* Instructions to follow:
Ignoring the pictures, copy the data exactly.
** Opening Source records block **
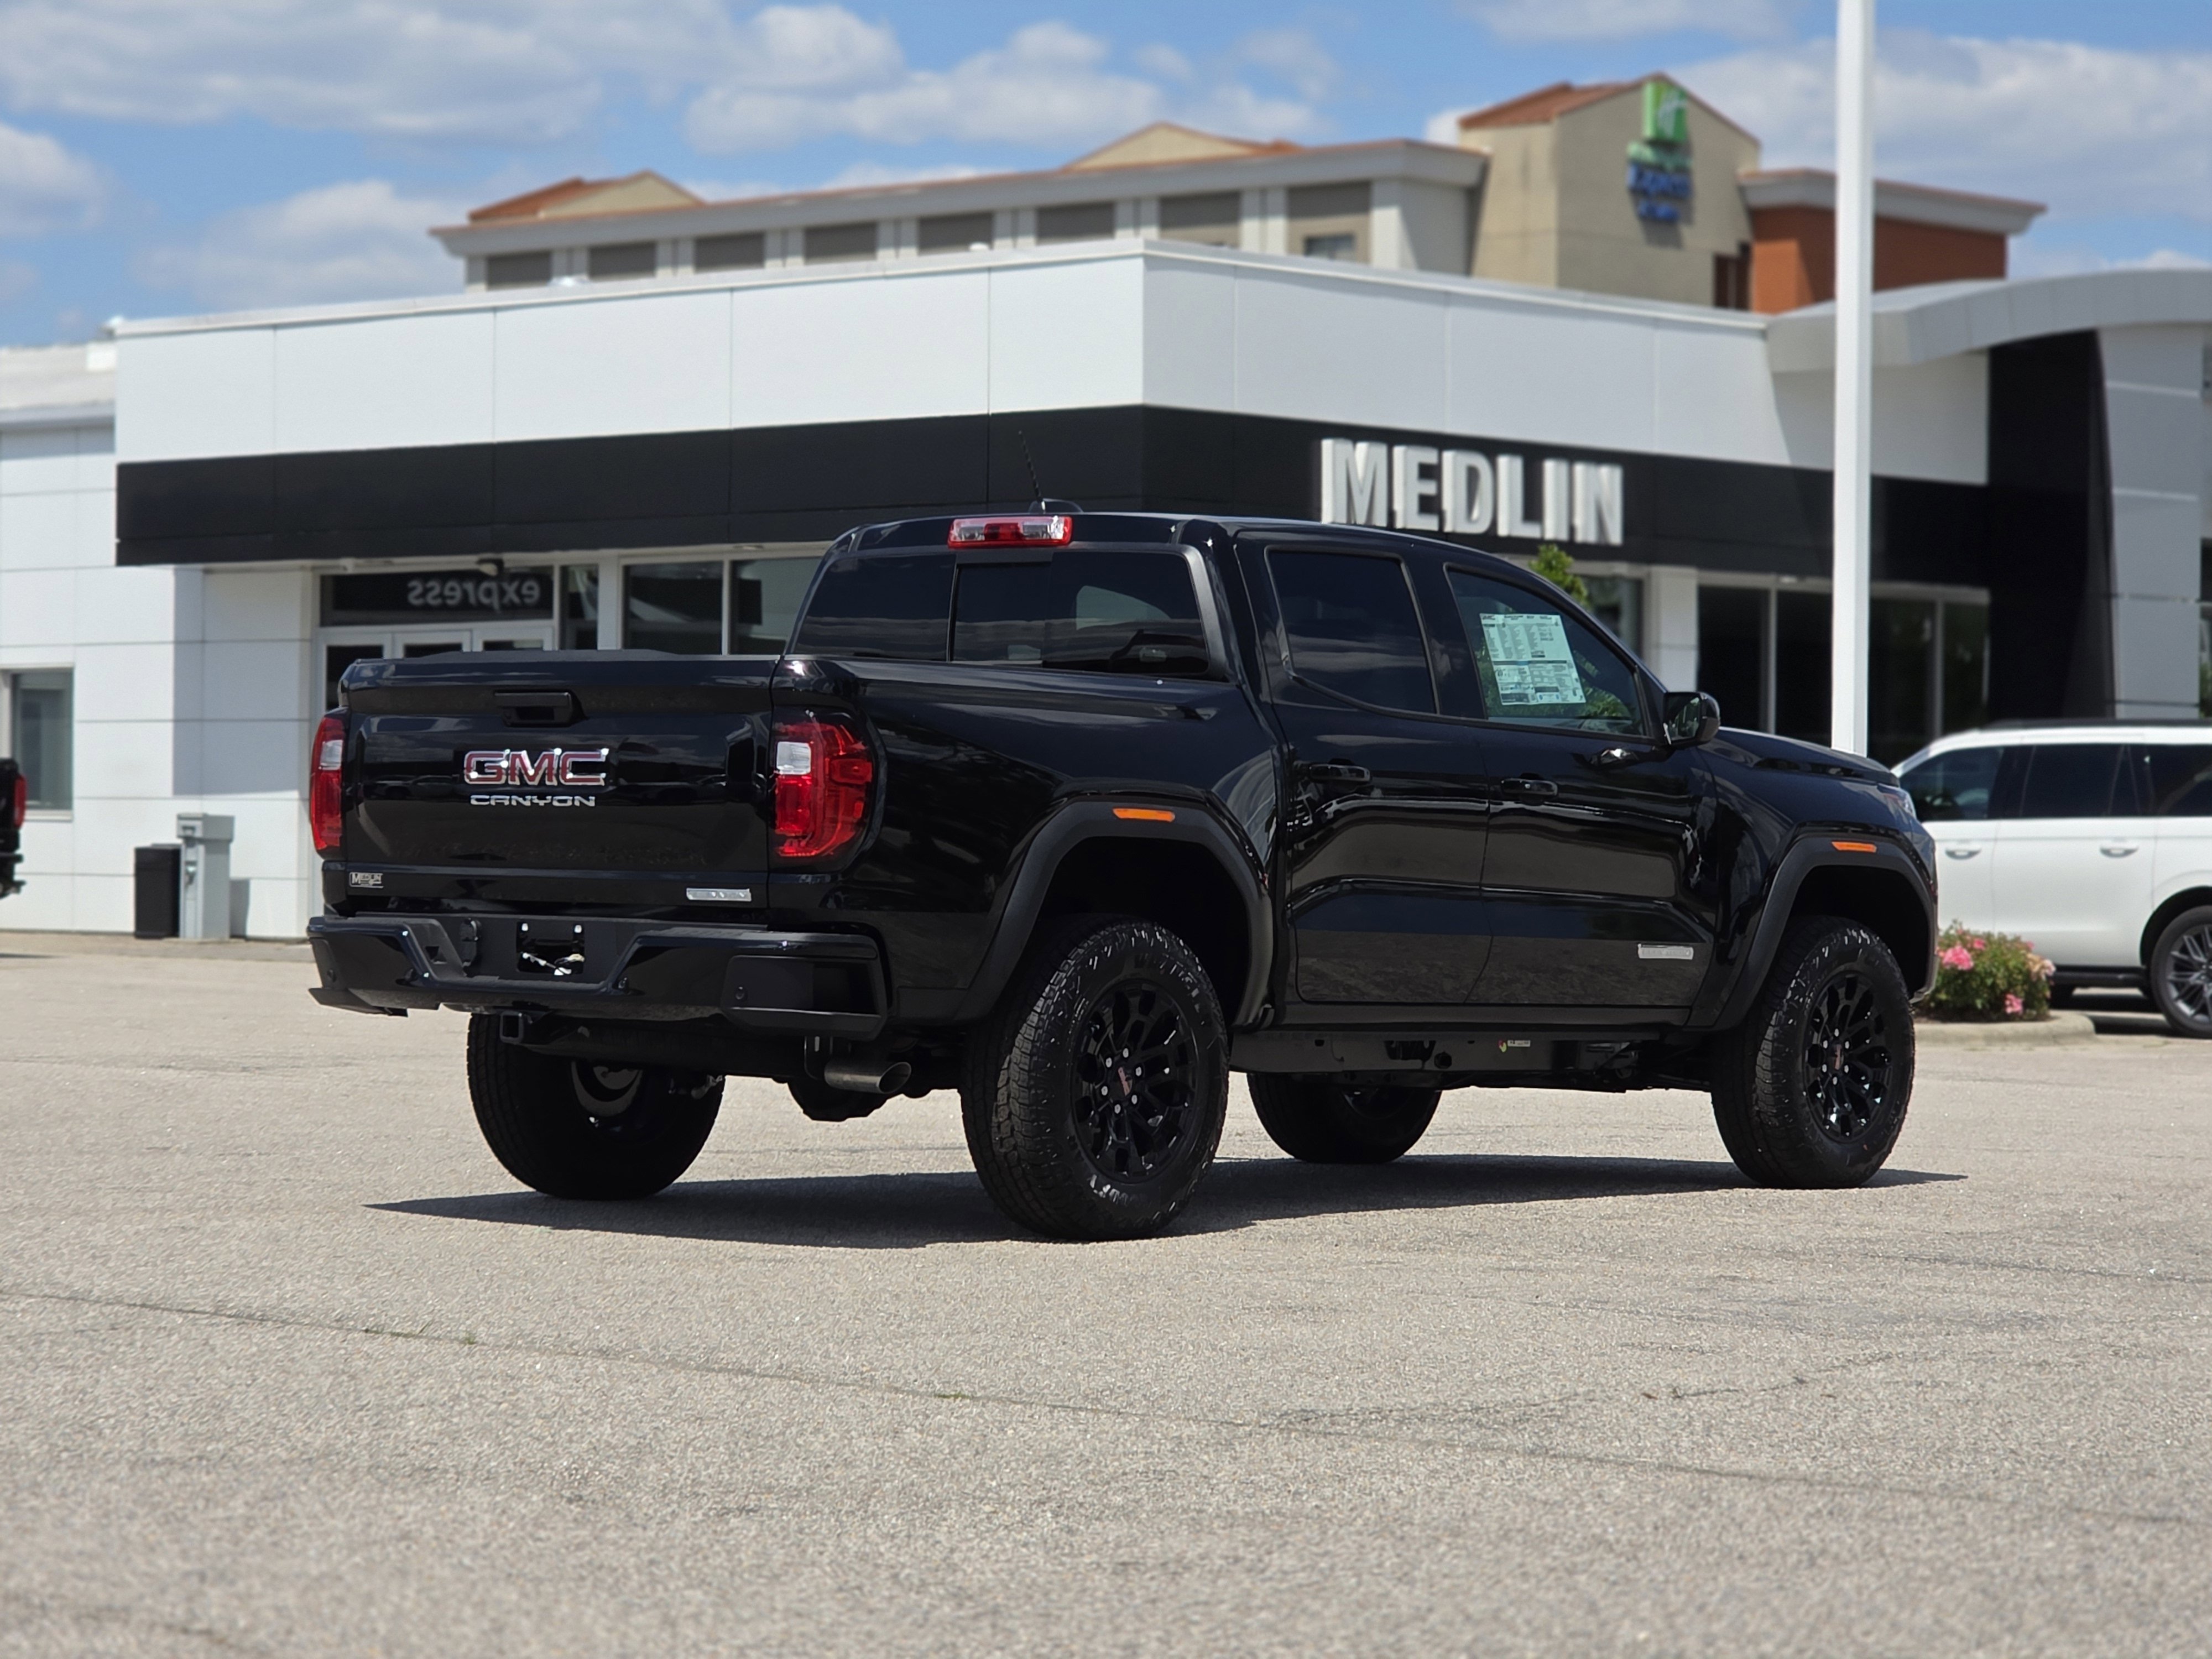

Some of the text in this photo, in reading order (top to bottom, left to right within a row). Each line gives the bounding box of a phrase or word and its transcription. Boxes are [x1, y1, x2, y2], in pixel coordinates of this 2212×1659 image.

[1321, 438, 1624, 546] MEDLIN
[463, 748, 609, 786] GMC
[470, 795, 596, 807] CANYON
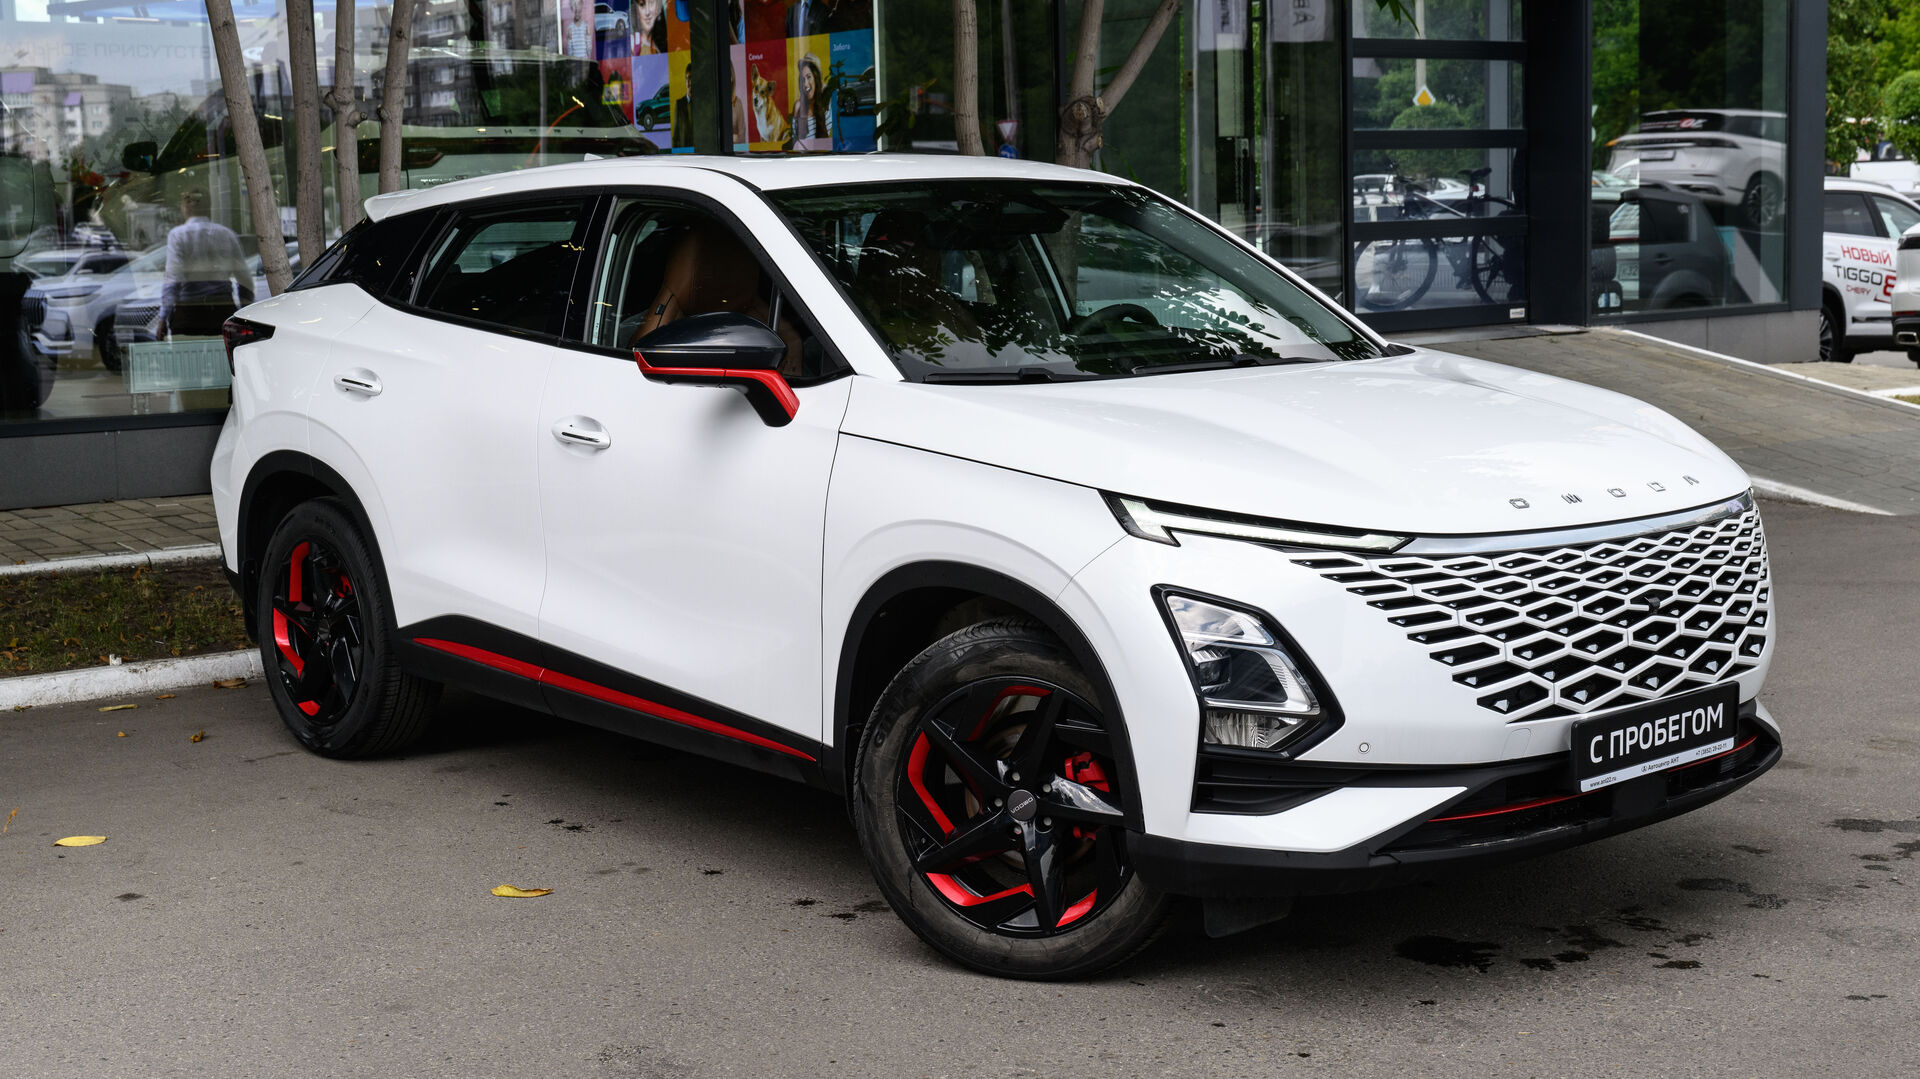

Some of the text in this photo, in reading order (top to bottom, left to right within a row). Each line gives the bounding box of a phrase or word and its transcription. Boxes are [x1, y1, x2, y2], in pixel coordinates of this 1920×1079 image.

[1841, 245, 1892, 266] НОВЫЙ
[1590, 702, 1724, 764] С ПРОБЕГОМ
[1647, 759, 1670, 772] Автоцентр
** Closing Source records block **
* Your solution:
Some of the text in this photo, in reading order (top to bottom, left to right within a row). Each line gives the bounding box of a phrase or word and its transcription. Boxes are [x1, y1, x2, y2], in pixel coordinates of this 2212×1659 image.

[1321, 438, 1624, 546] MEDLIN
[463, 748, 609, 786] GMC
[470, 795, 596, 807] CANYON

Some of the text in this photo, in reading order (top to bottom, left to right within a row). Each line gives the bounding box of a phrase or word and its transcription. Boxes are [x1, y1, x2, y2], in pixel coordinates of this 1920×1079 image.

[1841, 245, 1892, 266] НОВЫЙ
[1590, 702, 1724, 764] С ПРОБЕГОМ
[1647, 759, 1670, 772] Автоцентр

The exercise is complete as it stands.